[Start of section]
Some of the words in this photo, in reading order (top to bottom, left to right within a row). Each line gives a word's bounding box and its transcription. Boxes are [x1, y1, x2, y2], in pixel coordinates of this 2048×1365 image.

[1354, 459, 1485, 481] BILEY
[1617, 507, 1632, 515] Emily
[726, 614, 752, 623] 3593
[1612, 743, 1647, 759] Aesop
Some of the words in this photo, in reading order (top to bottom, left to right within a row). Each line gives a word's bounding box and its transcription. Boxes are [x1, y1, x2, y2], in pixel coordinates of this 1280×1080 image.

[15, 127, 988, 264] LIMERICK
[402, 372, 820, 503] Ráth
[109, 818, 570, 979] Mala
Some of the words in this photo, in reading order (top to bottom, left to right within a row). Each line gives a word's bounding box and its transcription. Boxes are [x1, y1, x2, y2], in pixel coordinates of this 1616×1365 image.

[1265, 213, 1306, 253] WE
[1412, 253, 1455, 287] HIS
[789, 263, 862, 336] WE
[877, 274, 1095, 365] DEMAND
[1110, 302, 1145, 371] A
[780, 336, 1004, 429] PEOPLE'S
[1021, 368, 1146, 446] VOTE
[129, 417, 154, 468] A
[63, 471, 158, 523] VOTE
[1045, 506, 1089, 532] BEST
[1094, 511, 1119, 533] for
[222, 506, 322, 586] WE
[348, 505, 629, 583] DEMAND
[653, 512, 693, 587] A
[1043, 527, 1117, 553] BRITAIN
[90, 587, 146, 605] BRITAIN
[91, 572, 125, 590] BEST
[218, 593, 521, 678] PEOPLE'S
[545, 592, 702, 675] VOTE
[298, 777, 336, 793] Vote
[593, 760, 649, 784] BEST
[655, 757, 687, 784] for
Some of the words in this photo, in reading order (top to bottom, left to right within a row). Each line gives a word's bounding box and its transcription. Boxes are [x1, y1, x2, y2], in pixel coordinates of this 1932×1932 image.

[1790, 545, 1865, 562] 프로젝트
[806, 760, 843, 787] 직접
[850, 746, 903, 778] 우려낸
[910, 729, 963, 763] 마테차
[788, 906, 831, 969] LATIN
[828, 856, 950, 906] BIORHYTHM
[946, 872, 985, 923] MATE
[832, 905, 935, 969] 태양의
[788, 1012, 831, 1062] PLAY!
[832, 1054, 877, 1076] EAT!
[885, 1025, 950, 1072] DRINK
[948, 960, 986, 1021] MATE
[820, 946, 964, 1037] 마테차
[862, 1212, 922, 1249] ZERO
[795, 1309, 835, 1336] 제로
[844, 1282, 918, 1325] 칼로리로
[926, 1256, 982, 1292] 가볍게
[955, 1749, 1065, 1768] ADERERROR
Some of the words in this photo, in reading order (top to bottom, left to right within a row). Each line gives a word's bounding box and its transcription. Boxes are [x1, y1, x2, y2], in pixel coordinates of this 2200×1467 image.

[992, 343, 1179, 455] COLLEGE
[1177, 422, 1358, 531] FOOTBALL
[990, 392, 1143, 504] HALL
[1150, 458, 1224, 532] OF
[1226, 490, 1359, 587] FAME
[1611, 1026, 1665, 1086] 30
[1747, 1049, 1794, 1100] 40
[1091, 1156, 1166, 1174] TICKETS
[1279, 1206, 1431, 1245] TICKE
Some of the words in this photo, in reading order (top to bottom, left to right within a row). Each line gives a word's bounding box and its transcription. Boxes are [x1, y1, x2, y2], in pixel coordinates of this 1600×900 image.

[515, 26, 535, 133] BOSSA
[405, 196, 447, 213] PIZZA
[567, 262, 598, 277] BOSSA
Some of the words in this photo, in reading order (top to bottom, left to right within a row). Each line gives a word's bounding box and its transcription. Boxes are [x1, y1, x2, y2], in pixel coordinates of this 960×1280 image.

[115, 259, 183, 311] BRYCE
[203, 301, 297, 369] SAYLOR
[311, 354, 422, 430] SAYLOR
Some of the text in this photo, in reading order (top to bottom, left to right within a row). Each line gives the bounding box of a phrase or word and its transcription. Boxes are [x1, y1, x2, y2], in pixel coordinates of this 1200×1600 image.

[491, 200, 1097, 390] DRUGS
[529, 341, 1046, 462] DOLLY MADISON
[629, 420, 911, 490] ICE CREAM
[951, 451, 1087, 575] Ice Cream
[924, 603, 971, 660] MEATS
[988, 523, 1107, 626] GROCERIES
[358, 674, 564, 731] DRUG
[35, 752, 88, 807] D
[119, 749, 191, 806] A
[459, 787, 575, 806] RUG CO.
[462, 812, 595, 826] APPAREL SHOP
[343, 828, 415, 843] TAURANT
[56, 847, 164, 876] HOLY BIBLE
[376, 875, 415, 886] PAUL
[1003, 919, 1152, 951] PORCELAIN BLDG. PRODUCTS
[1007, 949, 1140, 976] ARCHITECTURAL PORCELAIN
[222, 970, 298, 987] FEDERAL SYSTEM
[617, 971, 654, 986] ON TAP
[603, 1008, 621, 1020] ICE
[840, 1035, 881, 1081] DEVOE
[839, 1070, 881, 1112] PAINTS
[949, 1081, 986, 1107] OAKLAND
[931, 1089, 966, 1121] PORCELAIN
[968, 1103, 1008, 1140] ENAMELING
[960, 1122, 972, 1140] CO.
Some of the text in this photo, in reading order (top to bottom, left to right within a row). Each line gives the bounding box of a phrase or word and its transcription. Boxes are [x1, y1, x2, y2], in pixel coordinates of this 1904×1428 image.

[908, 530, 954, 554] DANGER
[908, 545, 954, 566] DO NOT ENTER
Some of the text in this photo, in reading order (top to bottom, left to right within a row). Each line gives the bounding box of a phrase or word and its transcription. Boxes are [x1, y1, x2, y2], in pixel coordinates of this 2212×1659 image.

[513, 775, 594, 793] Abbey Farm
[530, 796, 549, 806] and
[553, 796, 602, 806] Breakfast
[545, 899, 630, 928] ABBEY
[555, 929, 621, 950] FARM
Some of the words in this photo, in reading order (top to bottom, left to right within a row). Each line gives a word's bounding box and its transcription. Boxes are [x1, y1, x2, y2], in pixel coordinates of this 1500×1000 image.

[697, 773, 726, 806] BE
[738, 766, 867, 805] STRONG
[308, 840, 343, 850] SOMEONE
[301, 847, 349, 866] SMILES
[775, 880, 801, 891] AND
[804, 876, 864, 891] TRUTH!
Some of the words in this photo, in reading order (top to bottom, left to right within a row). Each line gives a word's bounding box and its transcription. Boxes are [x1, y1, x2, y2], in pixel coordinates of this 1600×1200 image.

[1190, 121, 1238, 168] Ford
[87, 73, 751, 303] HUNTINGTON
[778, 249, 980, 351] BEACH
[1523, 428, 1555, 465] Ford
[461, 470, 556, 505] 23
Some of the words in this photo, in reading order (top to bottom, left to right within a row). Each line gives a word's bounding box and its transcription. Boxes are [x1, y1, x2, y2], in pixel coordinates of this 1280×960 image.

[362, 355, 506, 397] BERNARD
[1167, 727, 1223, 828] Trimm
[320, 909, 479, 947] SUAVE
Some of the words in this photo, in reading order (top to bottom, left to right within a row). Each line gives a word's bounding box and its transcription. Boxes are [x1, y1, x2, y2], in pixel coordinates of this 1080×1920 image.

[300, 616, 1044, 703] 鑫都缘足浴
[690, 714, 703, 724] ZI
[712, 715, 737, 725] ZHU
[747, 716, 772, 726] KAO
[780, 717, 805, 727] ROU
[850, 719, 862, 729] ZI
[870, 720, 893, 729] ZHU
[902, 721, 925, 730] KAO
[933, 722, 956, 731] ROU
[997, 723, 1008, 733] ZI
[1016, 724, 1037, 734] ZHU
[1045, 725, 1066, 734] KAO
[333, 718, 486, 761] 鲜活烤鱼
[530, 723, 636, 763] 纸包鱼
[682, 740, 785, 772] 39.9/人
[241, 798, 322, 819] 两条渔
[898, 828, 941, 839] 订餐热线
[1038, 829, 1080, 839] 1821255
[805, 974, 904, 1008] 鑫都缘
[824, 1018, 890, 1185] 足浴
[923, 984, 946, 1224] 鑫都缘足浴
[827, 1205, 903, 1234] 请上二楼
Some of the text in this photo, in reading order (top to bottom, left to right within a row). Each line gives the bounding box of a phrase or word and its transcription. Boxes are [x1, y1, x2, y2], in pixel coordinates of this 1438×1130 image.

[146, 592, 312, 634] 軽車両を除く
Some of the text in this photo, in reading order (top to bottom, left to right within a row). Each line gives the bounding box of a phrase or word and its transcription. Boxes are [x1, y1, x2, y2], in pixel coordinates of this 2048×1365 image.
[End of section]
Problem description |
Retype the lines beginning at the one containing "this 1600×1200 image." and ending at the final line of the material, both included.

Result of this exercise |
Some of the words in this photo, in reading order (top to bottom, left to right within a row). Each line gives a word's bounding box and its transcription. Boxes are [x1, y1, x2, y2], in pixel coordinates of this 1600×1200 image.

[1190, 121, 1238, 168] Ford
[87, 73, 751, 303] HUNTINGTON
[778, 249, 980, 351] BEACH
[1523, 428, 1555, 465] Ford
[461, 470, 556, 505] 23
Some of the words in this photo, in reading order (top to bottom, left to right within a row). Each line gives a word's bounding box and its transcription. Boxes are [x1, y1, x2, y2], in pixel coordinates of this 1280×960 image.

[362, 355, 506, 397] BERNARD
[1167, 727, 1223, 828] Trimm
[320, 909, 479, 947] SUAVE
Some of the words in this photo, in reading order (top to bottom, left to right within a row). Each line gives a word's bounding box and its transcription. Boxes are [x1, y1, x2, y2], in pixel coordinates of this 1080×1920 image.

[300, 616, 1044, 703] 鑫都缘足浴
[690, 714, 703, 724] ZI
[712, 715, 737, 725] ZHU
[747, 716, 772, 726] KAO
[780, 717, 805, 727] ROU
[850, 719, 862, 729] ZI
[870, 720, 893, 729] ZHU
[902, 721, 925, 730] KAO
[933, 722, 956, 731] ROU
[997, 723, 1008, 733] ZI
[1016, 724, 1037, 734] ZHU
[1045, 725, 1066, 734] KAO
[333, 718, 486, 761] 鲜活烤鱼
[530, 723, 636, 763] 纸包鱼
[682, 740, 785, 772] 39.9/人
[241, 798, 322, 819] 两条渔
[898, 828, 941, 839] 订餐热线
[1038, 829, 1080, 839] 1821255
[805, 974, 904, 1008] 鑫都缘
[824, 1018, 890, 1185] 足浴
[923, 984, 946, 1224] 鑫都缘足浴
[827, 1205, 903, 1234] 请上二楼
Some of the text in this photo, in reading order (top to bottom, left to right within a row). Each line gives the bounding box of a phrase or word and its transcription. Boxes are [x1, y1, x2, y2], in pixel coordinates of this 1438×1130 image.

[146, 592, 312, 634] 軽車両を除く
Some of the text in this photo, in reading order (top to bottom, left to right within a row). Each line gives the bounding box of a phrase or word and its transcription. Boxes are [x1, y1, x2, y2], in pixel coordinates of this 2048×1365 image.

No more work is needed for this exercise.